• Exercise: Look for the line containing "this 2352×1568 image." in the entries below, then print that line and all that follow it exactly.

• Provided information:
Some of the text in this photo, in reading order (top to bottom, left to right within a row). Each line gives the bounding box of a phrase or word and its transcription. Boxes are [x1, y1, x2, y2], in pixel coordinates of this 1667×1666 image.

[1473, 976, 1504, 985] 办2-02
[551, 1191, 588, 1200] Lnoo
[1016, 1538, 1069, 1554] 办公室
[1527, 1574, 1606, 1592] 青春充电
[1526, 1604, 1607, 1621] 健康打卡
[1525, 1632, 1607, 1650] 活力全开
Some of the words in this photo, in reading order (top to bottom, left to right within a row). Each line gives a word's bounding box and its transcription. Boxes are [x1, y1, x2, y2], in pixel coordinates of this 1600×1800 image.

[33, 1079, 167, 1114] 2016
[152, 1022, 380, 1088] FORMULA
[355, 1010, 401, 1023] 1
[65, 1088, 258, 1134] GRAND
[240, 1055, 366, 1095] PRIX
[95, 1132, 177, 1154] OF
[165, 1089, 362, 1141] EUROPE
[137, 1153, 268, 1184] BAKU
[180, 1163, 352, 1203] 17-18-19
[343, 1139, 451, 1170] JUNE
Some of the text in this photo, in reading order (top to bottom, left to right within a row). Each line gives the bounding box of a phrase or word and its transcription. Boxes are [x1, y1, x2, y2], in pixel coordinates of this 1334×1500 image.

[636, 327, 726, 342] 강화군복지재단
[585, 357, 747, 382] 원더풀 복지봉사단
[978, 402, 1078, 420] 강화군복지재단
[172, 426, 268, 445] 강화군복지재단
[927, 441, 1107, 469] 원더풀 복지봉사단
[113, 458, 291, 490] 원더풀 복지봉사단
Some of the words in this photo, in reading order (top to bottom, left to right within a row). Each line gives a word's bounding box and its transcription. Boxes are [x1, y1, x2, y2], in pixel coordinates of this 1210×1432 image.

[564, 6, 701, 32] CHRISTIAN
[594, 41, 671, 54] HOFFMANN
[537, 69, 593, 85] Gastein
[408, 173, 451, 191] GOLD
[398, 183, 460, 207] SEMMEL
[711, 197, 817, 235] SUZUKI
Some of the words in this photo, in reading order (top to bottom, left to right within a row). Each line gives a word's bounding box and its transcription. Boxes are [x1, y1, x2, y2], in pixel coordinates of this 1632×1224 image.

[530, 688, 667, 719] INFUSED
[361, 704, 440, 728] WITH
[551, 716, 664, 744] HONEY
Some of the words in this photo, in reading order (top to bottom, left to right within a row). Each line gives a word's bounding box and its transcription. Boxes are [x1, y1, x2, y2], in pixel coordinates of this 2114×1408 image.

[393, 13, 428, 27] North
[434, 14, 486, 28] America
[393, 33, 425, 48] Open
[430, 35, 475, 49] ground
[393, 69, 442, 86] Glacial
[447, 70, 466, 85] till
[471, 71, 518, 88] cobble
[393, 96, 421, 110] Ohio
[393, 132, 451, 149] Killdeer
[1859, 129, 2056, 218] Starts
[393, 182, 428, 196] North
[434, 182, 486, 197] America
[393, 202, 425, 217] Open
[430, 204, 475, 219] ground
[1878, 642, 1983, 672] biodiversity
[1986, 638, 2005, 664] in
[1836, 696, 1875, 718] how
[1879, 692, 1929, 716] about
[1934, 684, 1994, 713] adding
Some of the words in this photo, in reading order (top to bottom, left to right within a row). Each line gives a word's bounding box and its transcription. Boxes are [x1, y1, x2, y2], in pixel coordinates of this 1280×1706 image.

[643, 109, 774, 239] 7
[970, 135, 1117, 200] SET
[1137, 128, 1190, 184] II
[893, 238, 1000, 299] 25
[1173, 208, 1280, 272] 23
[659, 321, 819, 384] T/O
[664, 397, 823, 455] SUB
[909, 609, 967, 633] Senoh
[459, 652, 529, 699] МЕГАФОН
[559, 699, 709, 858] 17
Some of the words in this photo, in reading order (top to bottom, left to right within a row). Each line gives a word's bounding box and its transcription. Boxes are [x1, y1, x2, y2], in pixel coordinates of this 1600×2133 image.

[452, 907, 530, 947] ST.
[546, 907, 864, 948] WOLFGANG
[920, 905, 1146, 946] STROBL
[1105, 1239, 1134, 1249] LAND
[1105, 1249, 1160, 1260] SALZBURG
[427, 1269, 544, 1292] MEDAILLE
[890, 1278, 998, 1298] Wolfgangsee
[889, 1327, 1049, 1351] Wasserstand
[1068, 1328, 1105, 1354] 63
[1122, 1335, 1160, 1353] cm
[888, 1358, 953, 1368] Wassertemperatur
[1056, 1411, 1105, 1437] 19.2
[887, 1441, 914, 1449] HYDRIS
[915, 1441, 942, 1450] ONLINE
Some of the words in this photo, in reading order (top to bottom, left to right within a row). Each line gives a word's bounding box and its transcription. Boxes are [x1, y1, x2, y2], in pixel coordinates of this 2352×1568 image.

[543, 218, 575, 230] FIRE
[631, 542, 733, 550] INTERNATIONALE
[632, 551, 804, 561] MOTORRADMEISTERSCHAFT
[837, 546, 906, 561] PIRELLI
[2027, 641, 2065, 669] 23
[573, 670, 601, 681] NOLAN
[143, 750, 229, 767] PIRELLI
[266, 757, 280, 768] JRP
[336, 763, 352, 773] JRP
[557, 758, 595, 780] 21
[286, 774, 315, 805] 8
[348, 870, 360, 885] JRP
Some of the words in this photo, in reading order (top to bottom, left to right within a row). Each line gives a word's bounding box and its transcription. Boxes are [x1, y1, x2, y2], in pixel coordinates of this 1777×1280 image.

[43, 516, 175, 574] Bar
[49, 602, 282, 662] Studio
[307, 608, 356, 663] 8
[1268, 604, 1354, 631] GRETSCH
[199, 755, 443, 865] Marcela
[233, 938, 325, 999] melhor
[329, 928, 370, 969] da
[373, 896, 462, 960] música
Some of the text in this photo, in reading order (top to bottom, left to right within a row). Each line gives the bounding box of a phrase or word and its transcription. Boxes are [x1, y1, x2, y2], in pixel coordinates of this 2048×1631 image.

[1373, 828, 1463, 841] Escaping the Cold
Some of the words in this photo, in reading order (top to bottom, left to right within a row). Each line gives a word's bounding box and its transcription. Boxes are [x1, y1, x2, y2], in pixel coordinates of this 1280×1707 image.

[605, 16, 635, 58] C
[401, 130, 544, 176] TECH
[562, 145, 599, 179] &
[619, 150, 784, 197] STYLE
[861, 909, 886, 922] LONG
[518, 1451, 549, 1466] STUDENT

• Your solution:
Some of the words in this photo, in reading order (top to bottom, left to right within a row). Each line gives a word's bounding box and its transcription. Boxes are [x1, y1, x2, y2], in pixel coordinates of this 2352×1568 image.

[543, 218, 575, 230] FIRE
[631, 542, 733, 550] INTERNATIONALE
[632, 551, 804, 561] MOTORRADMEISTERSCHAFT
[837, 546, 906, 561] PIRELLI
[2027, 641, 2065, 669] 23
[573, 670, 601, 681] NOLAN
[143, 750, 229, 767] PIRELLI
[266, 757, 280, 768] JRP
[336, 763, 352, 773] JRP
[557, 758, 595, 780] 21
[286, 774, 315, 805] 8
[348, 870, 360, 885] JRP
Some of the words in this photo, in reading order (top to bottom, left to right within a row). Each line gives a word's bounding box and its transcription. Boxes are [x1, y1, x2, y2], in pixel coordinates of this 1777×1280 image.

[43, 516, 175, 574] Bar
[49, 602, 282, 662] Studio
[307, 608, 356, 663] 8
[1268, 604, 1354, 631] GRETSCH
[199, 755, 443, 865] Marcela
[233, 938, 325, 999] melhor
[329, 928, 370, 969] da
[373, 896, 462, 960] música
Some of the text in this photo, in reading order (top to bottom, left to right within a row). Each line gives the bounding box of a phrase or word and its transcription. Boxes are [x1, y1, x2, y2], in pixel coordinates of this 2048×1631 image.

[1373, 828, 1463, 841] Escaping the Cold
Some of the words in this photo, in reading order (top to bottom, left to right within a row). Each line gives a word's bounding box and its transcription. Boxes are [x1, y1, x2, y2], in pixel coordinates of this 1280×1707 image.

[605, 16, 635, 58] C
[401, 130, 544, 176] TECH
[562, 145, 599, 179] &
[619, 150, 784, 197] STYLE
[861, 909, 886, 922] LONG
[518, 1451, 549, 1466] STUDENT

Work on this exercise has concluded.